Early on in Seattle, I joked, “My only friends on the team are Benjamin and Franklin.” That was me trying to be funny. It also couldn’t be further from the truth. My teammates are my brothers. Most people go to work and hate their coworkers or never get to know them. They spend more time with their coworkers than with their own kids, but they never learn what makes them tick. This is one of the very few jobs where you need to be intertwined with those other people spiritually, because every movement you make has an end result—if you win or if you lose, if you walk off the field or if you’re carried off.
We’ve gone from teammates to brothers even though our backgrounds, educations, and even home countries are different. I can’t tell you how emotional it was for me when Justin Britt, our offensive lineman and a leader in our locker room, a white dude from Lebanon, Missouri, put his hand on my shoulder while I sat during the anthem during the preseason of 2017. It felt like Brian’s Song, like we were Gale Sayers and Brian Piccolo, except neither of us had to die. Afterward, Justin said to the media, “I’m going to continue talking with Mike and exploring and just helping myself understand things. I wanted to take a first step tonight. And that’s what I felt like I did.” He even told the press that if he didn’t see things getting better in this country, he’d sit with me.

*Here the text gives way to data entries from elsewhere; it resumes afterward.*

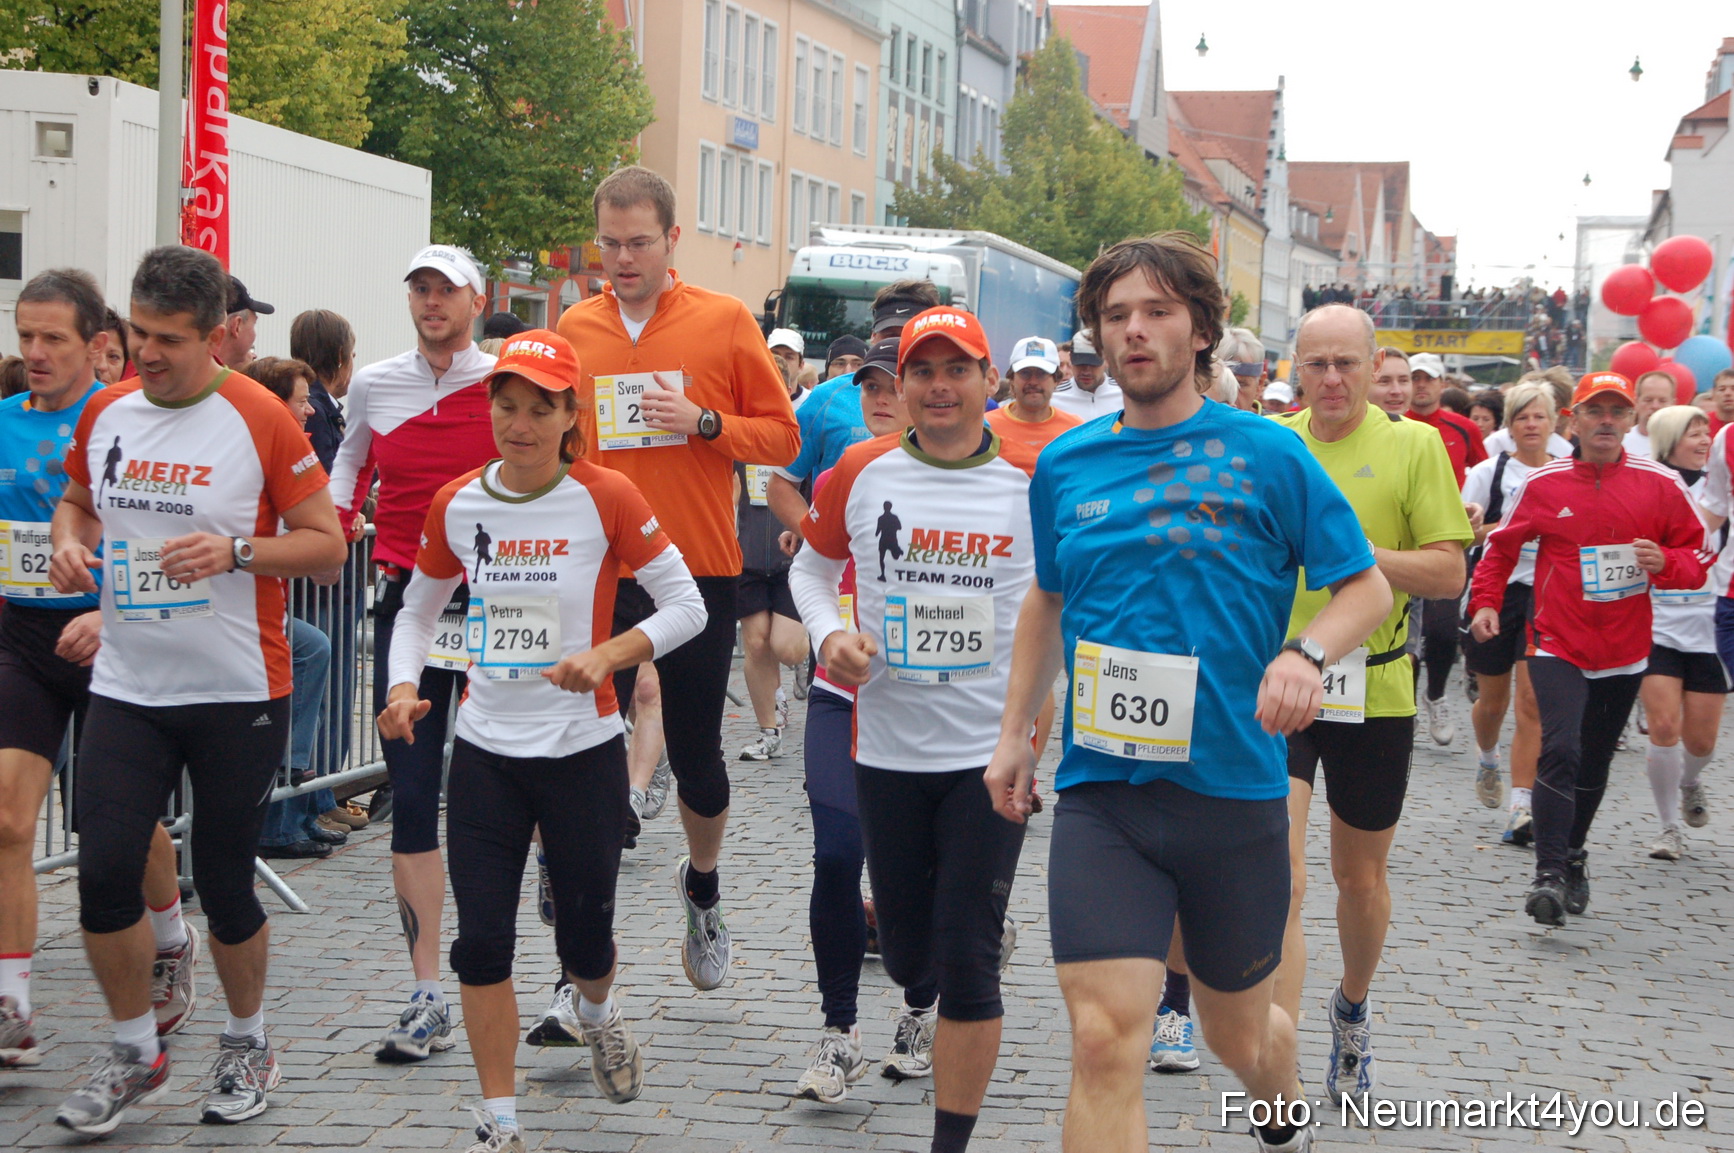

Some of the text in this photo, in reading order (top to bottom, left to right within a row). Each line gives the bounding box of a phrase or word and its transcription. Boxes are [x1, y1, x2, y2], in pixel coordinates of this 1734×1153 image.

[829, 253, 909, 272] BOCK
[914, 312, 967, 329] MERZ
[508, 340, 557, 360] MERZ
[1412, 333, 1470, 350] START
[617, 381, 645, 396] Sven
[598, 404, 605, 415] B
[651, 433, 687, 443] PFLEIDERER
[126, 459, 213, 487] MERZ
[117, 473, 187, 496] Reisen
[108, 497, 194, 516] TEAM 2008
[496, 539, 569, 557] MERZ
[911, 527, 1014, 558] MERZ
[21, 553, 53, 573] 62
[492, 551, 551, 567] Reisen
[904, 543, 988, 569] Reisen
[485, 572, 557, 583] TEAM 2008
[895, 569, 994, 589] TEAM 2008
[490, 605, 523, 619] Petra
[915, 605, 964, 620] Michael
[473, 627, 480, 640] C
[493, 629, 549, 651] 2794
[891, 627, 898, 640] C
[917, 630, 983, 653] 2795
[1103, 657, 1138, 682] Jens
[1077, 682, 1084, 697] B
[1110, 692, 1169, 728] 630
[1325, 708, 1363, 718] PFLEIDERER
[1137, 743, 1187, 756] PFLEIDERER
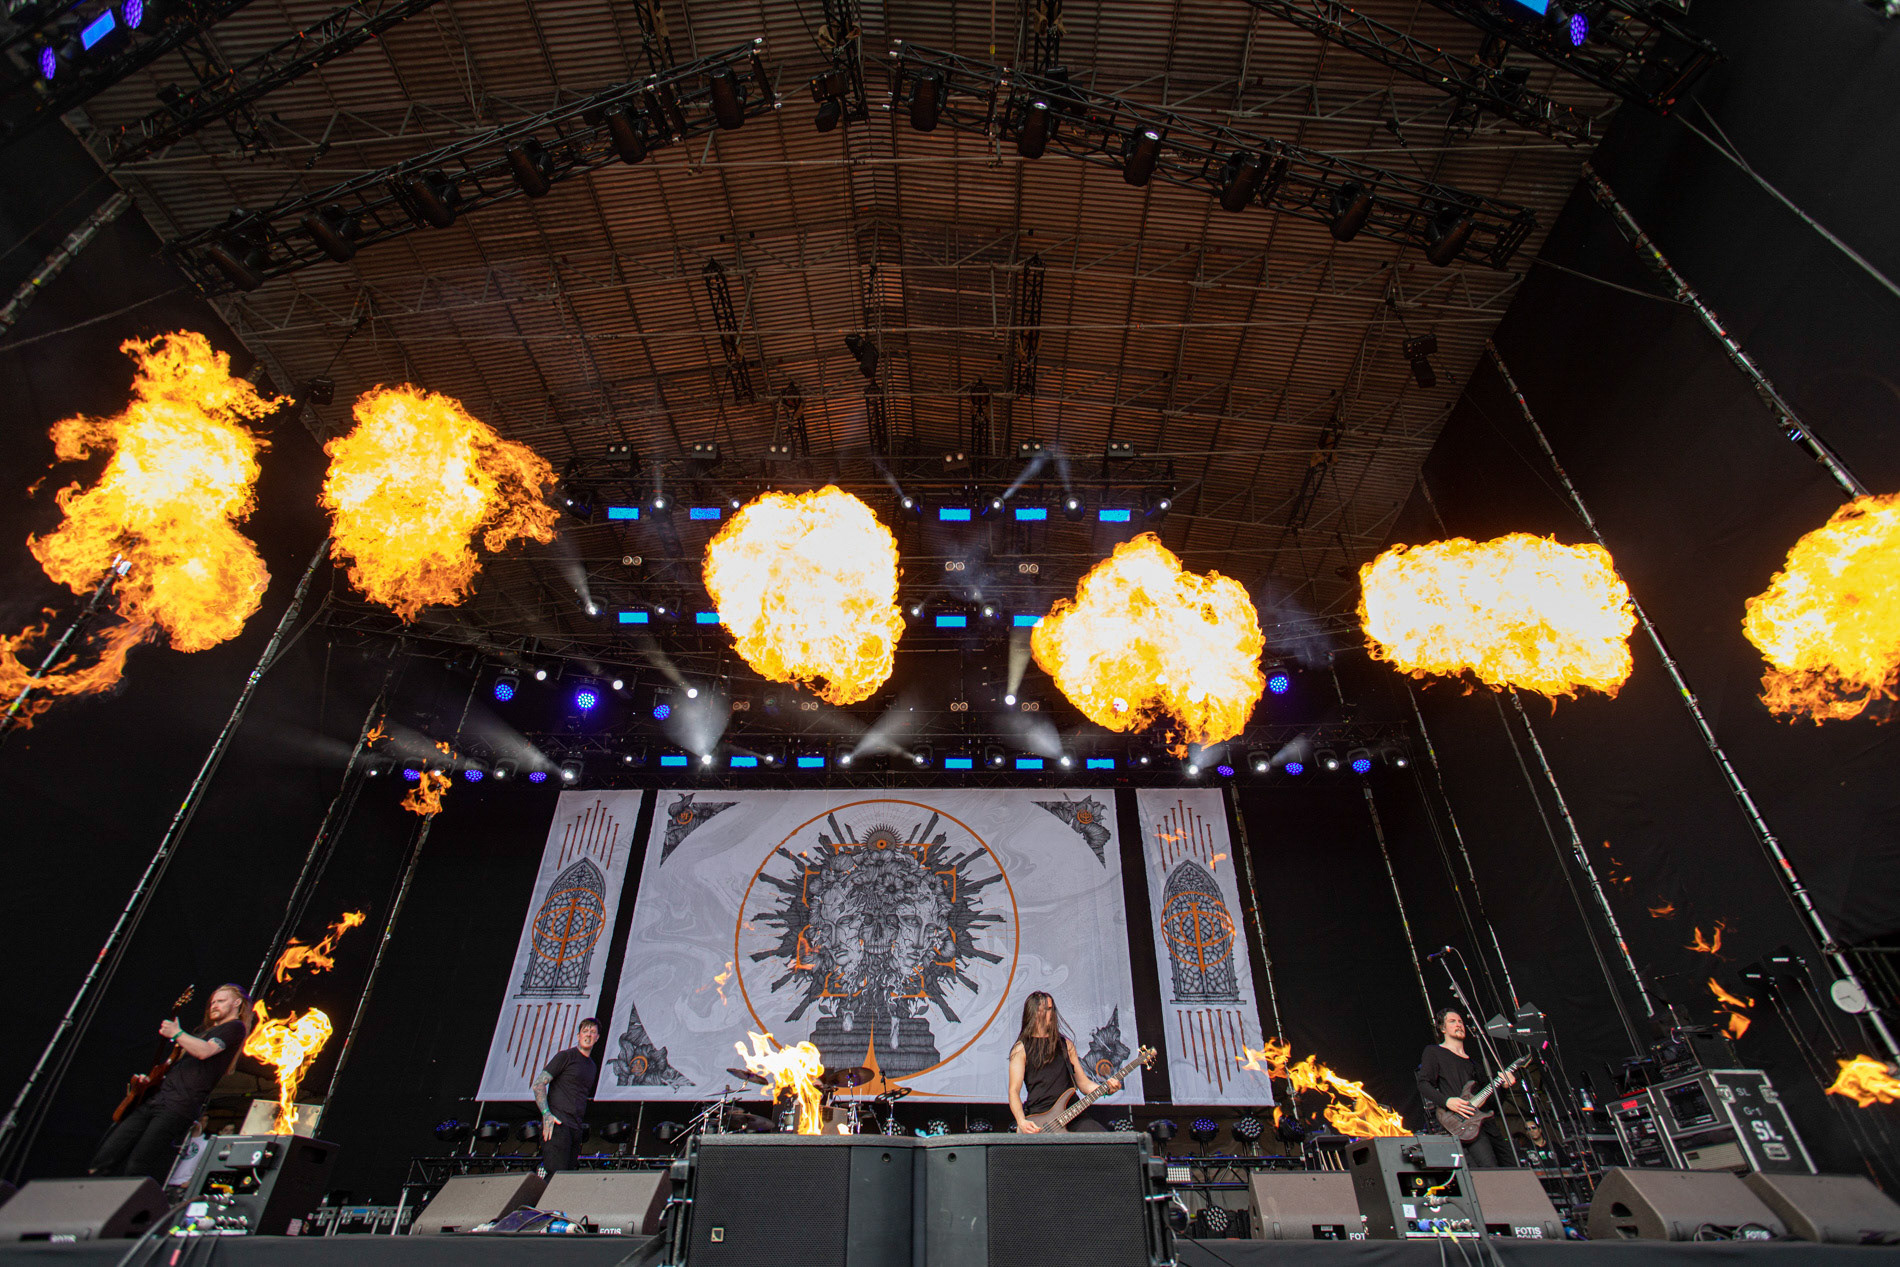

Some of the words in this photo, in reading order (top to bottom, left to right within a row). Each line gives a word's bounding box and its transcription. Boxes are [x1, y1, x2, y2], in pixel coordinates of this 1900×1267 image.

[1735, 1087, 1751, 1097] SL
[1751, 1120, 1784, 1141] SL
[1514, 1226, 1542, 1235] FOTIS

That’s a brother.
I think about Cliff Avril, how we’ve worked together in this intense environment and gotten to know each other’s families. We started out with different ideas about how to bring change into the world, and we’ve chosen to intertwine them because we’re both passionate about helping people. He’s seen what I do in Seattle, and I’ve gone with him to Haiti to see the remarkable work he does there. We may approach things differently, but we share the same soul.

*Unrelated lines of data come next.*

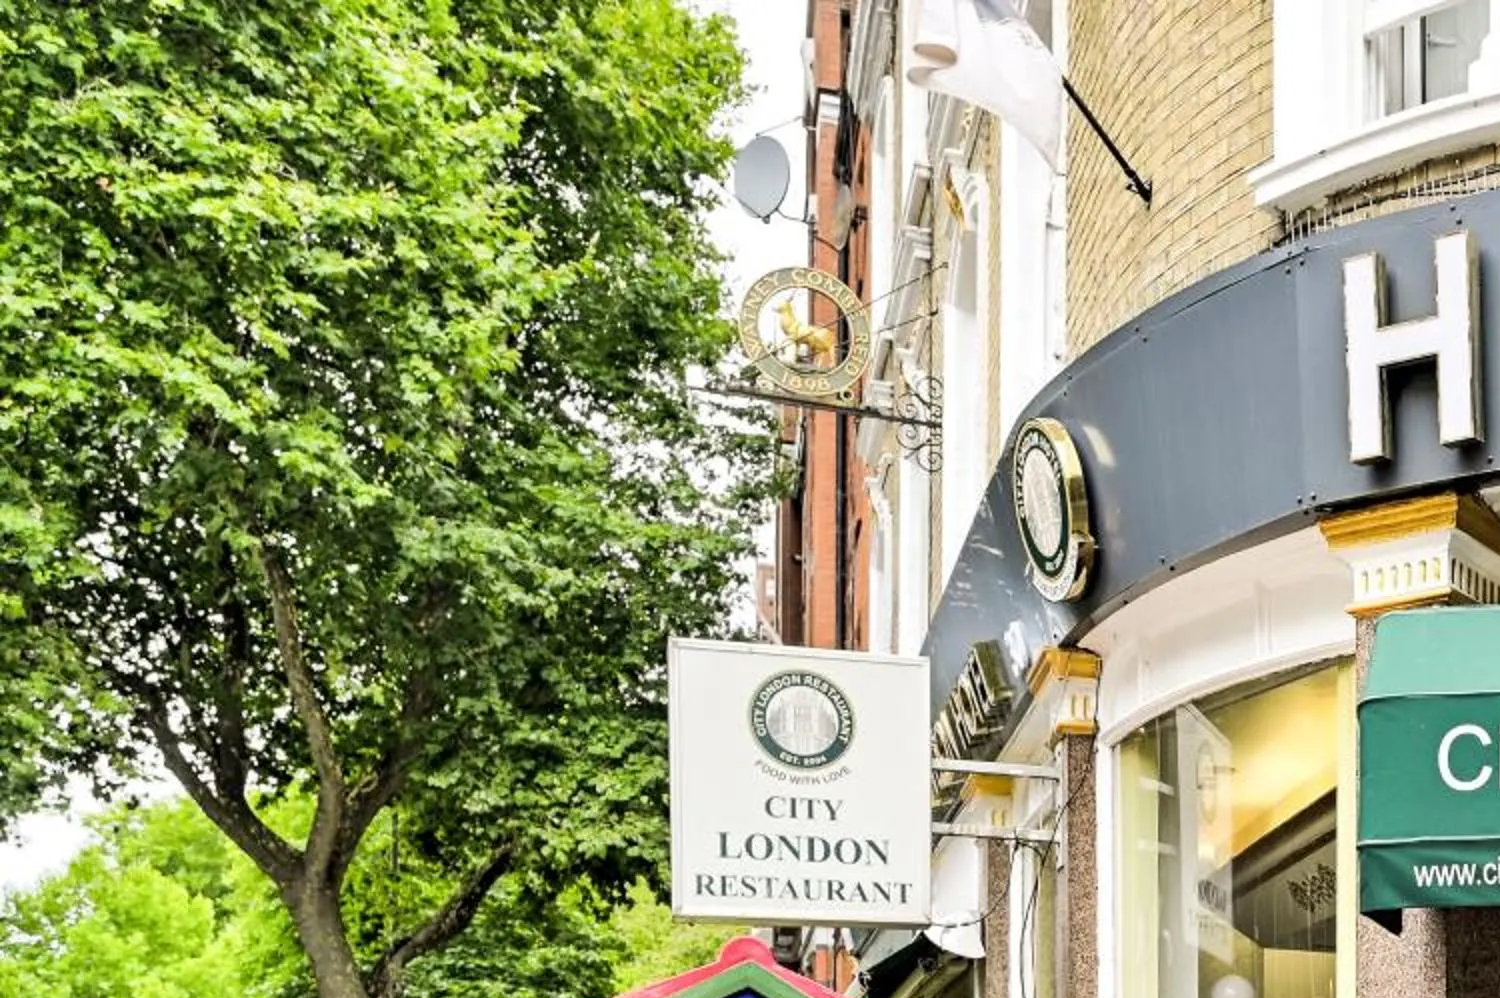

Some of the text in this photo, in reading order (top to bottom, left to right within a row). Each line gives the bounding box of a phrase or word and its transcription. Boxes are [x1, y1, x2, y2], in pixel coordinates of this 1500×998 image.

[753, 674, 852, 744] CITY LONDON RESTAURANT
[754, 760, 787, 782] FOOD
[763, 795, 844, 822] CITY
[718, 831, 890, 866] LONDON
[694, 873, 913, 905] RESTAURANT

The journey of moving from teammates to brothers is like nothing else. Yes, ego and money can get in the way. It takes the right people, the right team, and the right city, but when everything comes together it’s a blessing. Every time you go out there and take the field, you don’t just represent your team or your city. You represent each other in a way that’s personal. I know if I make a mistake, Cliff Avril can get hurt, and then I’ve got to look his wife, Tia, and their children in the eyes. When you reach that level of brotherhood, I truly believe that’s when you win. You lose the ego, and it stops being about you. It’s about the people around you. People get it backward and think winning is the end goal. But when the goal is brotherhood, the winning will come and mean so much more. Your locker room isn’t just a place with coworkers or people trying to make bank. You transcend the money and the accolades that come with it. You are tied to one another spiritually and physically, not just at the workplace but outside the workplace as well. You feel their pain when they get injured. You cry with their wives. You mourn with them when members of their family pass. You work on their projects, you go to their children’s birthday parties, their anniversary celebrations, and you leave this league as someone more than when you entered.
Let’s talk about who makes up the core of this brotherhood in Seattle. I should say that one of the reasons we’re brothers is because a lot of us have chips on our shoulders. “Chip” doesn’t even do it justice. Call it a boulder. Call it Pikes Peak.